Friday, June 13, 2008

BBC Finally Deals With Beheadings In New Show: Muslim Head Lopped Off By Christian Crusader

This story can be looked at in two ways. First, one can see it as an example of the dhimmified PC, BBC attacking Christians for something they did 500 years ago which Muslims actually do today.

And second, one can look at this as the story of the BBC pissing off Muslims for showing a Muslim getting killed by a Christian.

Is the glass half-full, or half-empty?

You decide:


BBC defends Muslim beheading

Exclusive by Derek Robins - BBC bosses have defended the grisly beheading of a Muslim by a Christian zealot in new drama Bonekickers.

In the bloody scene, ex-EastEnder Paul Nicholls plays a fundamentalist who decapitates a Muslim with a sword.Producer Rhonda Smith said: "It's not meant to be shocking or to cause offence and it comes very much from the storyline."

BBC chiefs are planning to warn viewers about the gruesome beheading scene.

A BBC spokeswoman said: "It is in a 9pm slot in early July and viewers will be advised of the content immediately before broadcast."

The beheading scene comes in an episode dealing with the excavation of medieval soldiers from the time of the Crusades.
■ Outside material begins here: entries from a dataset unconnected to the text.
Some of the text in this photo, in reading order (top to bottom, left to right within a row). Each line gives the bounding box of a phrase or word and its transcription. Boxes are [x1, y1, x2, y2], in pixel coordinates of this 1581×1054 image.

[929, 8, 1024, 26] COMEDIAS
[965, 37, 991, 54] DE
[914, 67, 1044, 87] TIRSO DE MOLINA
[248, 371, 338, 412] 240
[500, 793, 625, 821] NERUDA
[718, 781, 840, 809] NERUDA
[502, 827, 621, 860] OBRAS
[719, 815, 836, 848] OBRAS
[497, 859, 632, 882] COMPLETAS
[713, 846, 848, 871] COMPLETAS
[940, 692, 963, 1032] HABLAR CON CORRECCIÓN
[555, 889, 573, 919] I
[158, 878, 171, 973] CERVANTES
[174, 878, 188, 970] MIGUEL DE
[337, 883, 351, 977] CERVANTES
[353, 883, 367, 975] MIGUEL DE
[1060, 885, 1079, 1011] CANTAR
It leads to the hunt for the cross on which Jesus was crucified which the Crusaders may have brought back from the Holy Land.

Also keen to find the cross are right-wing Christian fanatics who also want to use violence to drive Muslims out of Britain.
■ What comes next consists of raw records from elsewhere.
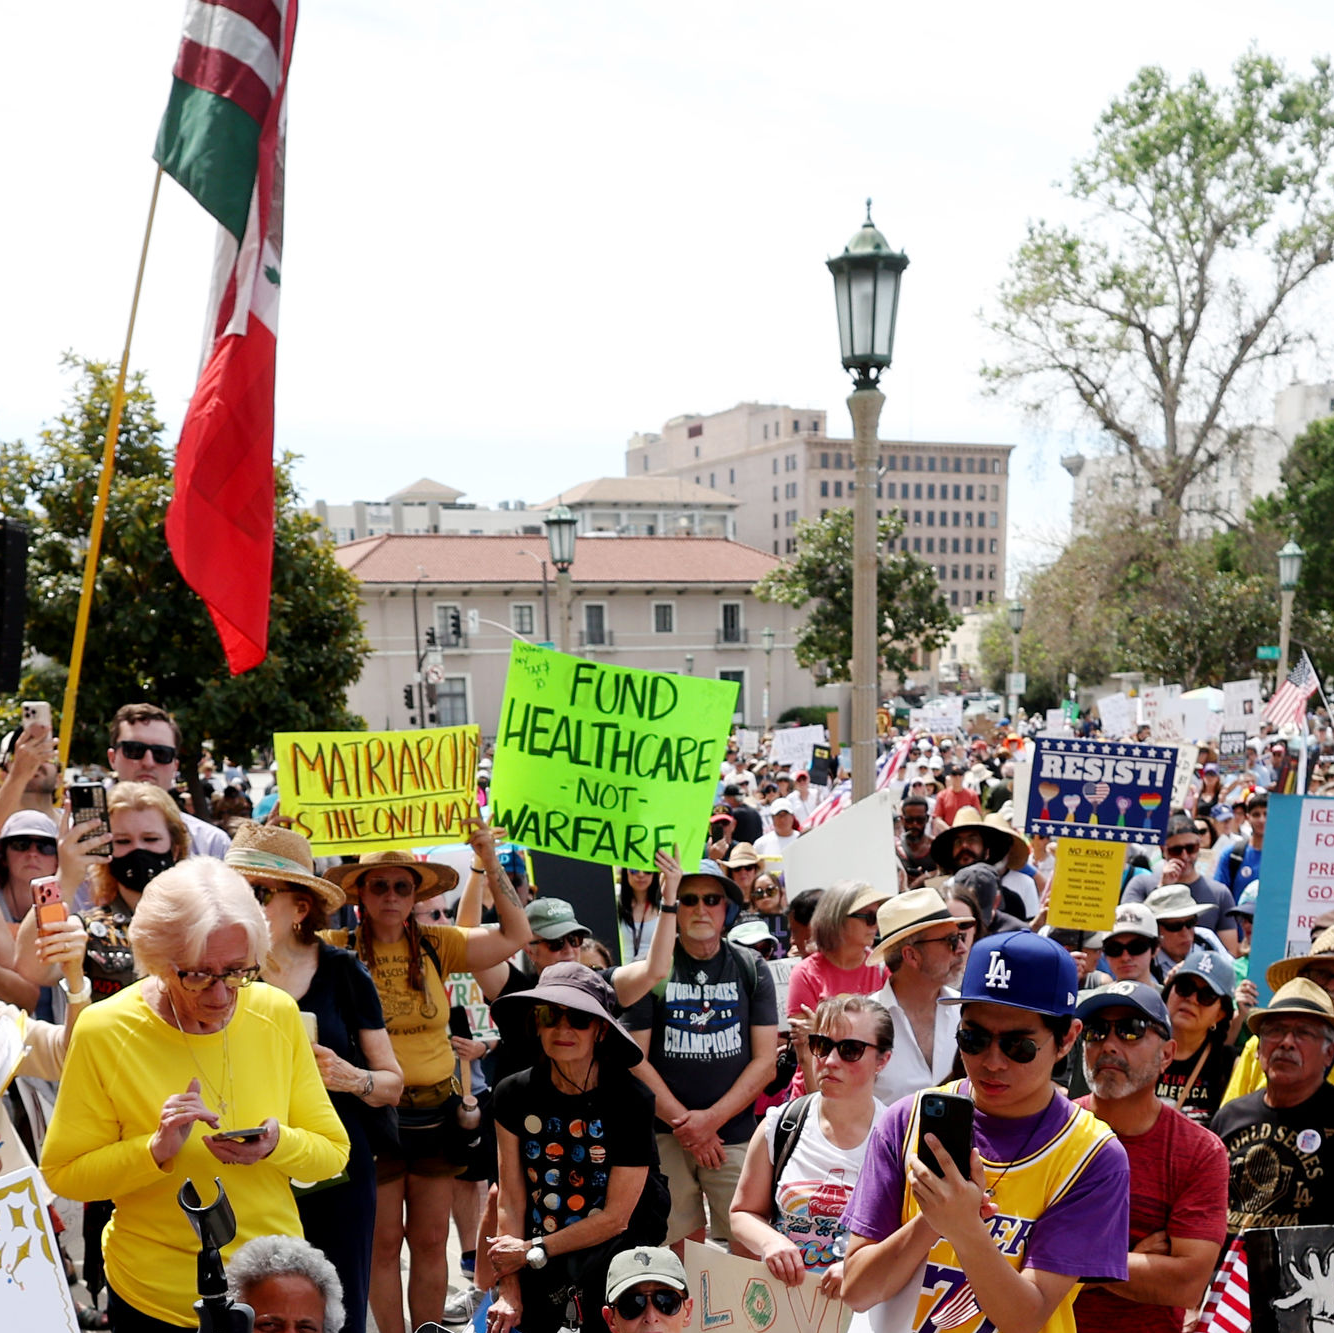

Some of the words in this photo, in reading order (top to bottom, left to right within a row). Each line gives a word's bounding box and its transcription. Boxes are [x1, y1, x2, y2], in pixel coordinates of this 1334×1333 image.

[569, 662, 678, 721] FUND
[503, 698, 716, 784] HEALTHCARE
[290, 730, 482, 799] MATRIARCHY
[1039, 754, 1167, 788] RESIST!
[319, 806, 372, 841] THE
[373, 801, 428, 840] ONLY
[1310, 808, 1334, 823] ICE
[493, 799, 676, 868] WARFARE
[984, 950, 1012, 989] LA
[1196, 952, 1215, 975] LA
[665, 981, 702, 1003] WORLD
[702, 981, 740, 1002] SERIES
[672, 1009, 685, 1020] 20
[663, 1022, 743, 1055] CHAMPIONS
[1161, 1073, 1203, 1087] KINS
[1226, 1121, 1273, 1160] ORLD
[1293, 1180, 1315, 1209] LA
Bonekickers could also come under fire from traditional archaeologists, warns Professor Mark Horton, a consultant on the series.


Maybe, next episode ought to be about how a group of archaologists go nuts and start beheading TV producers.

7 comments:

Damien said...

Pastorius,

The glass is half empty

Pastorius said...

Yep. Because it doesn't matter what Muslims think. What matters is what we think, and we aren't really thinking.

Athos said...

The BBC is caught in mythic thinking, having lost the clarity once part and parcel of Christendom; in short, they are weenies and stooges.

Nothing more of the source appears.